▶ [Problem to solve]: Give the entries below again exactly. Their pictures are not needed.

▶ [Dataset content]:
┄┄┄┄┄┄

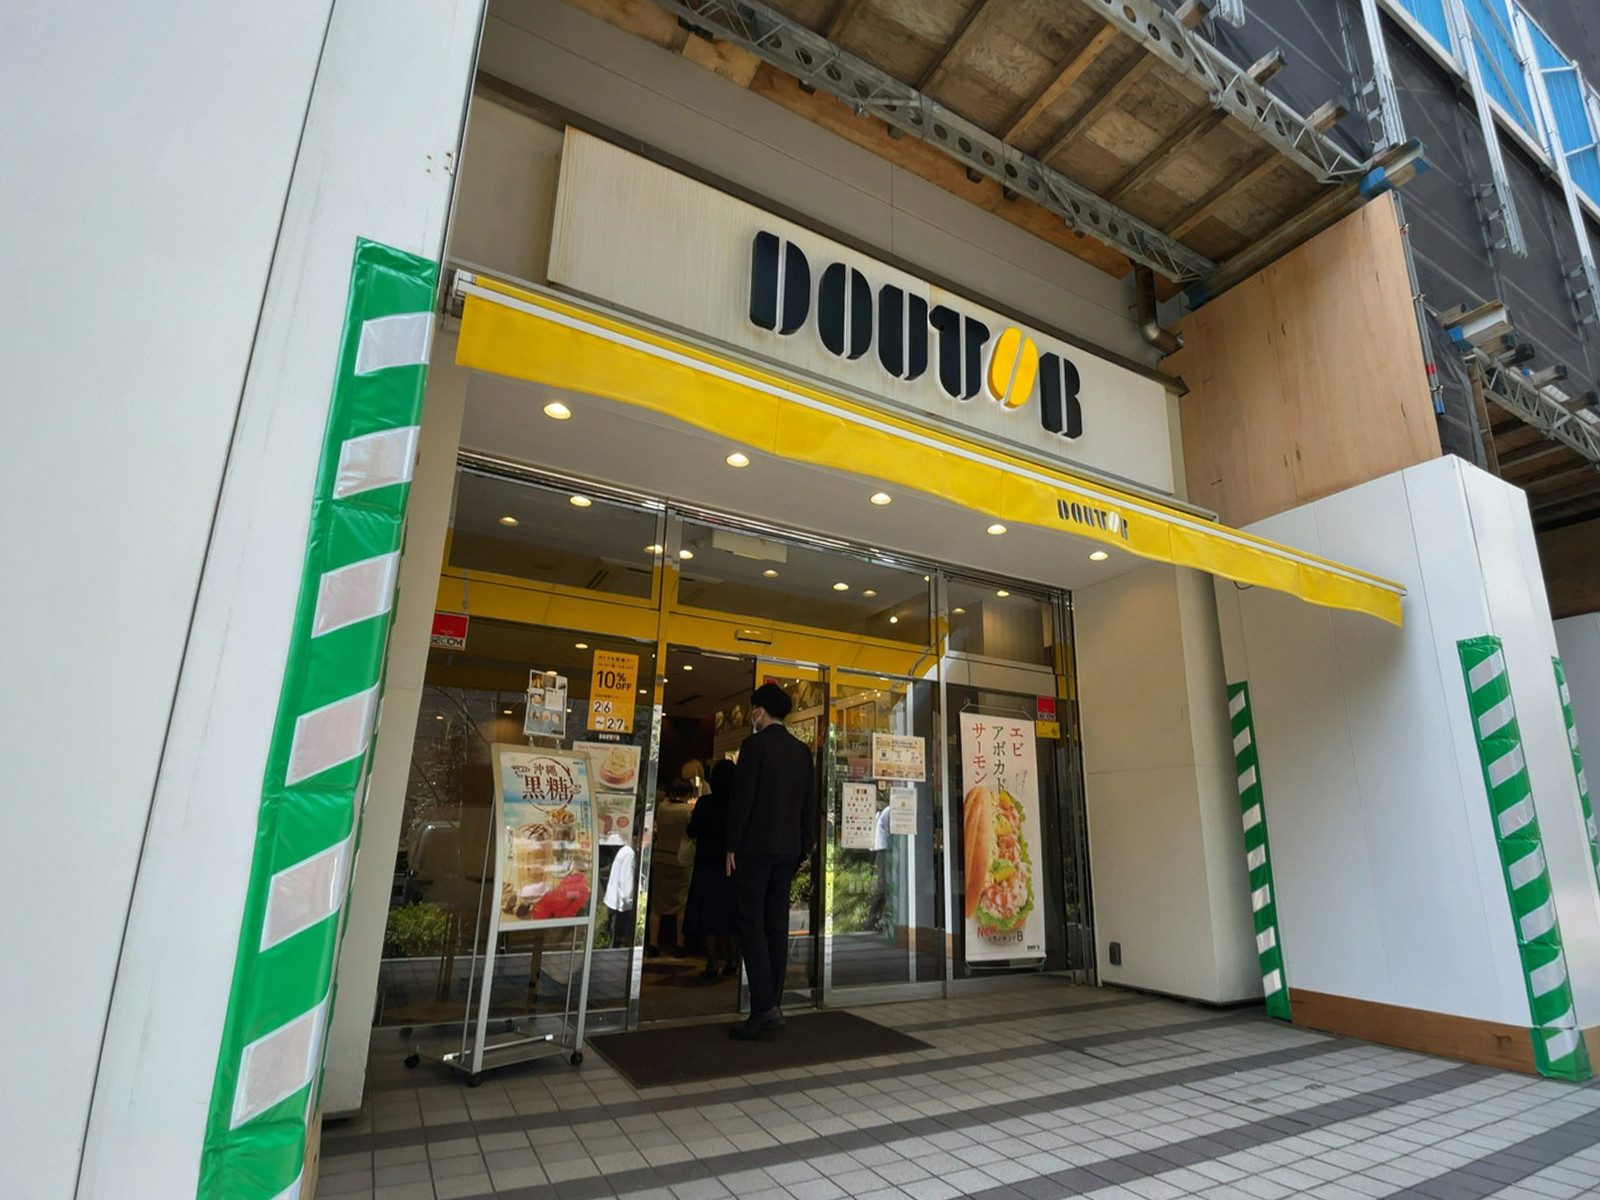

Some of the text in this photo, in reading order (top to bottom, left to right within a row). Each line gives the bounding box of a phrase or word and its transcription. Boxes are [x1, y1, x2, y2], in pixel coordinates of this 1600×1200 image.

[750, 230, 1083, 440] DOUTOR
[1057, 499, 1128, 540] DOUTOR
[616, 683, 632, 691] OFF
[594, 701, 611, 713] 26
[972, 723, 988, 784] サーモン
[992, 725, 1007, 794] アボカド
[1010, 727, 1024, 757] エビ
[522, 775, 569, 801] 黒糖
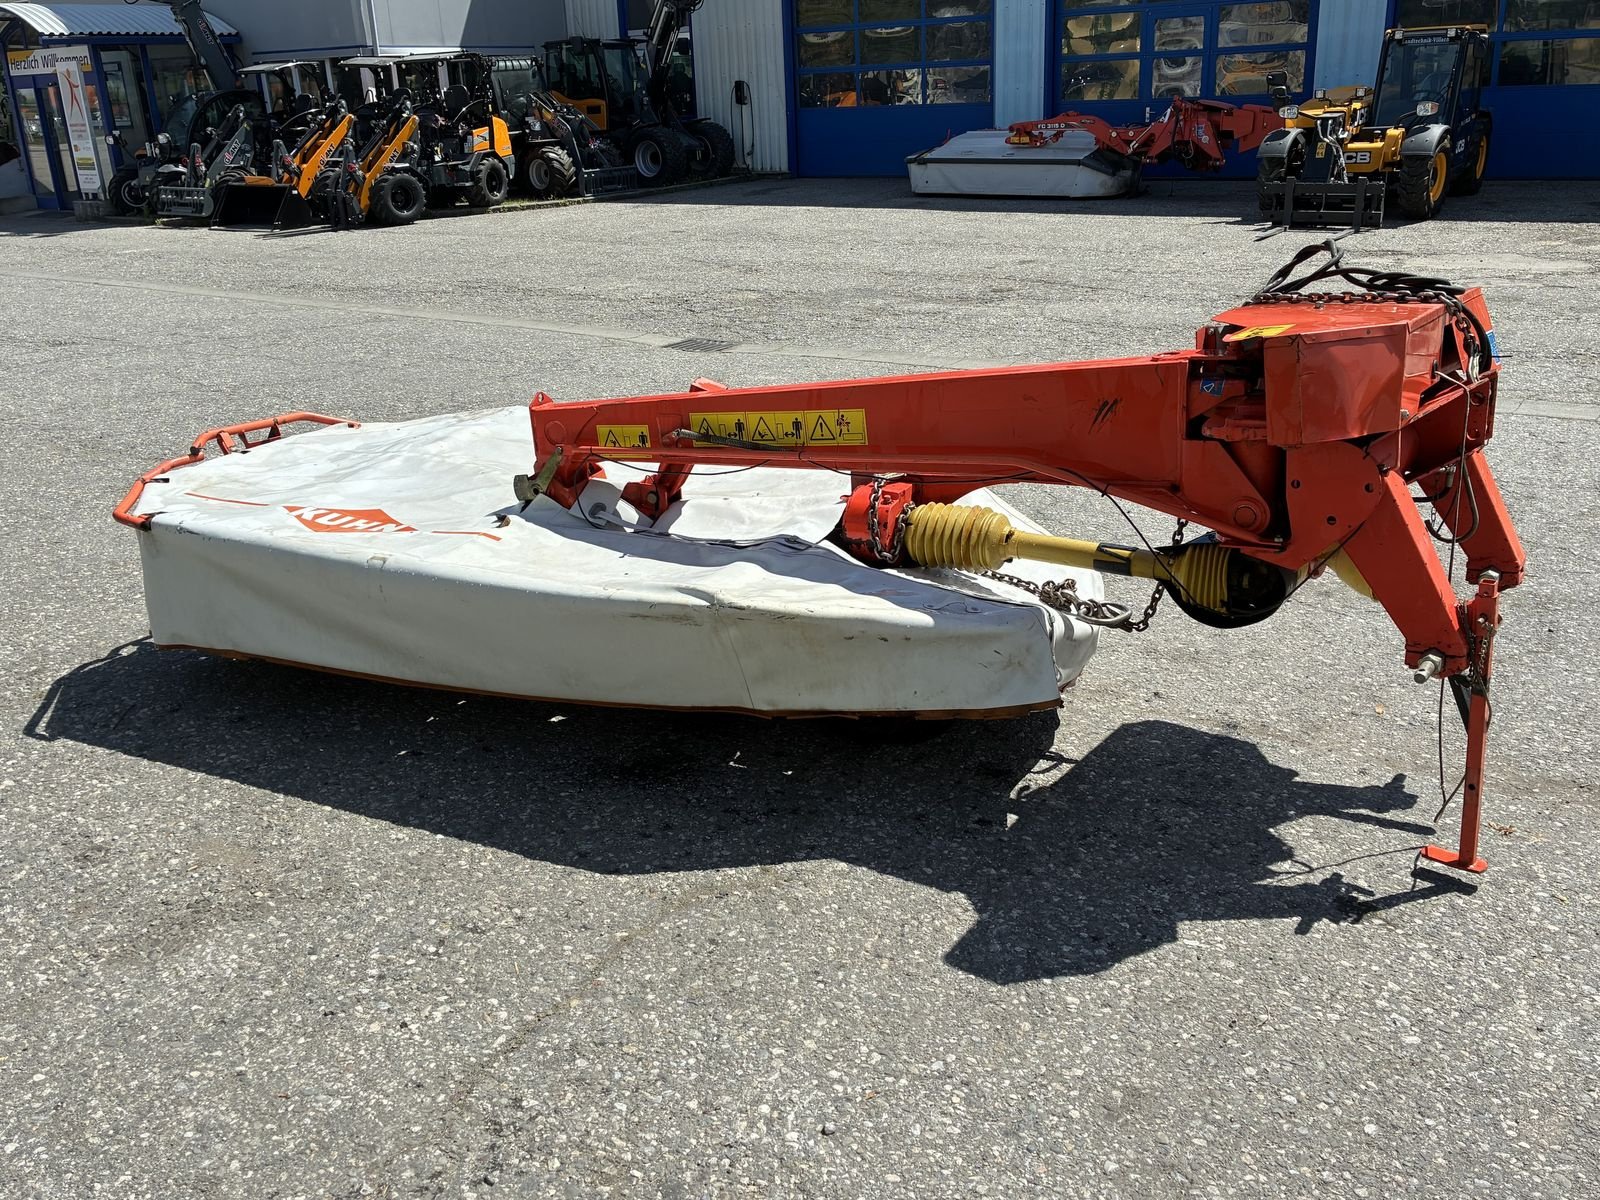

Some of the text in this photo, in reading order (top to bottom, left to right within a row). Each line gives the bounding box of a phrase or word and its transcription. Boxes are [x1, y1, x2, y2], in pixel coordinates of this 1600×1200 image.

[10, 54, 39, 71] Herzlich
[224, 139, 240, 165] GIANT
[319, 142, 336, 167] GIANT
[1343, 152, 1370, 164] CB
[288, 506, 408, 533] KUHN
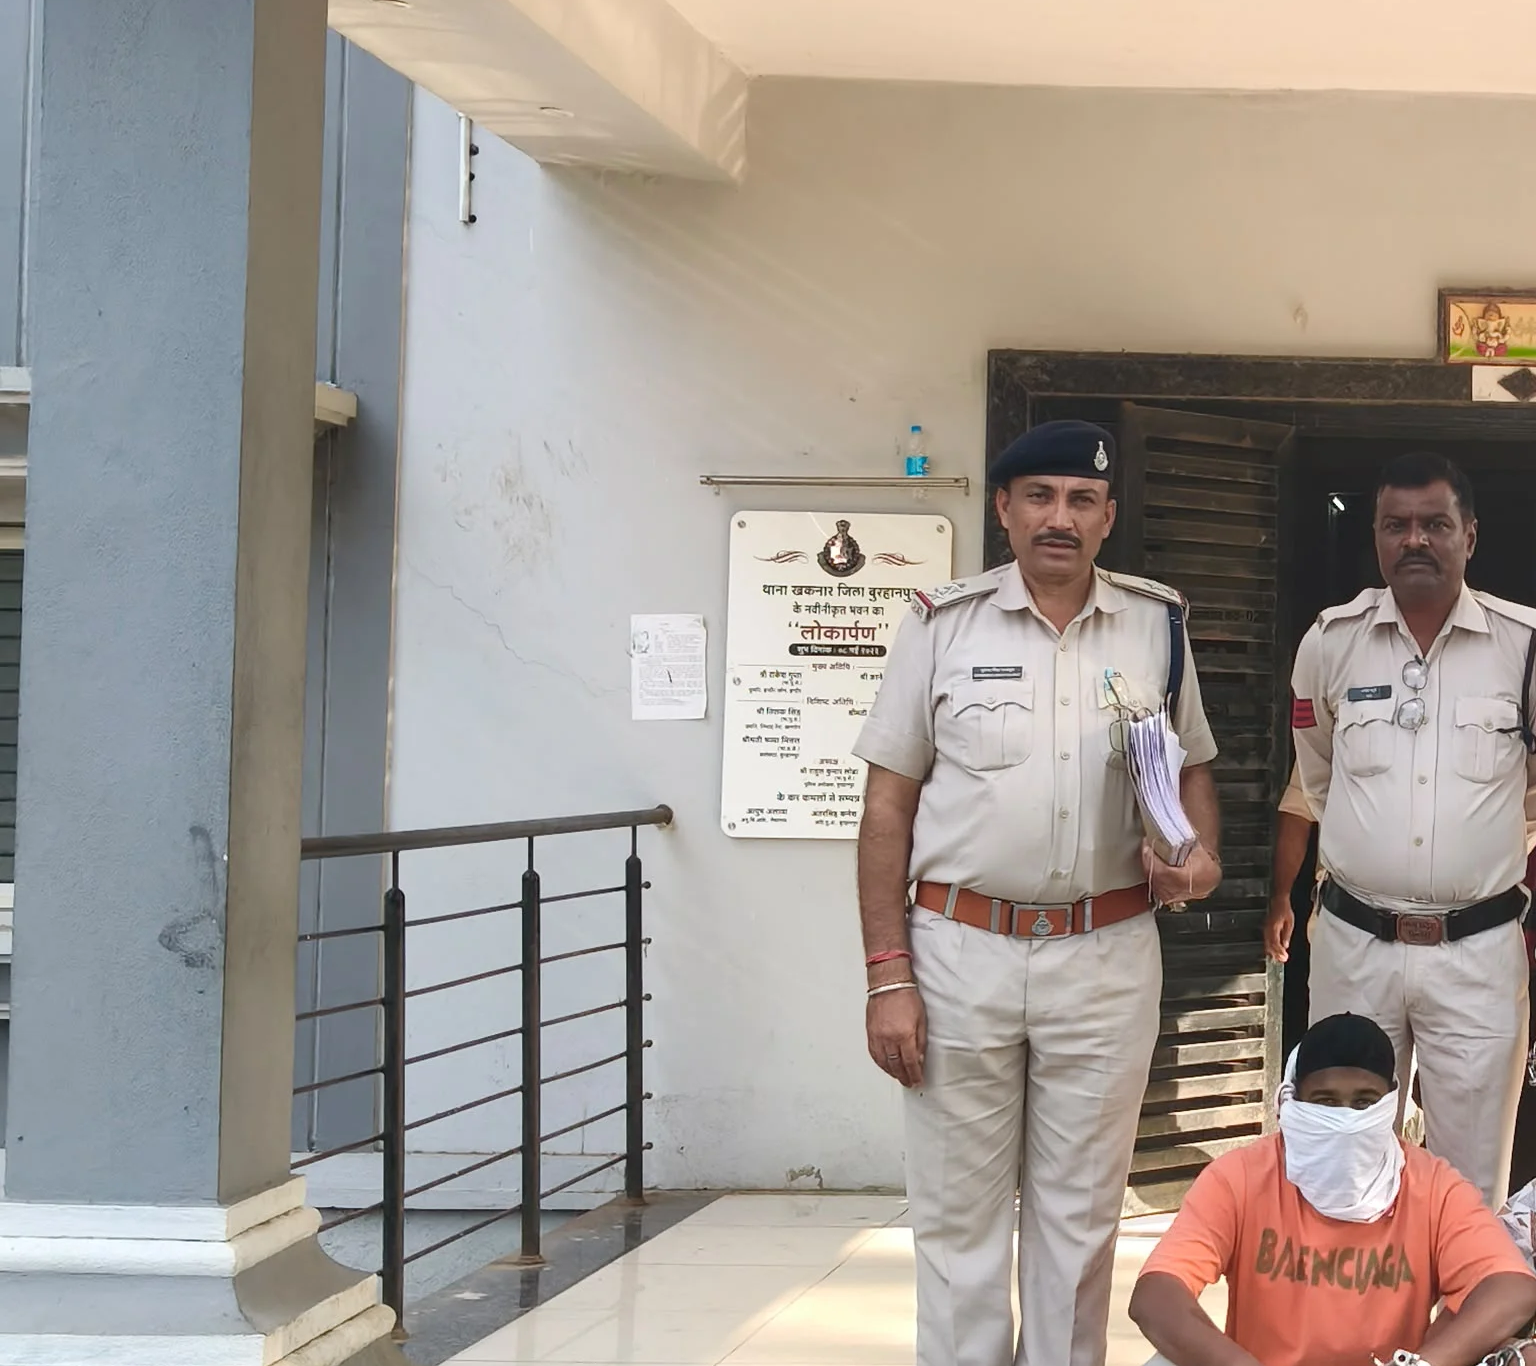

┄┄┄┄┄┄

▶ [Exercise solution]:
Some of the text in this photo, in reading order (top to bottom, left to right within a row). Each line gives the bounding box of a phrase or word and its transcription. Boxes are [x1, y1, x2, y2], in pixel coordinates of this 1600×1200 image.

[750, 230, 1083, 440] DOUTOR
[1057, 499, 1128, 540] DOUTOR
[616, 683, 632, 691] OFF
[594, 701, 611, 713] 26
[972, 723, 988, 784] サーモン
[992, 725, 1007, 794] アボカド
[1010, 727, 1024, 757] エビ
[522, 775, 569, 801] 黒糖

Some of the text in this photo, in reading order (top to bottom, left to right within a row). Each line gives the bounding box of a phrase or word and its transcription. Boxes are [x1, y1, x2, y2], in pixel coordinates of this 1600×1200 image.

[10, 54, 39, 71] Herzlich
[224, 139, 240, 165] GIANT
[319, 142, 336, 167] GIANT
[1343, 152, 1370, 164] CB
[288, 506, 408, 533] KUHN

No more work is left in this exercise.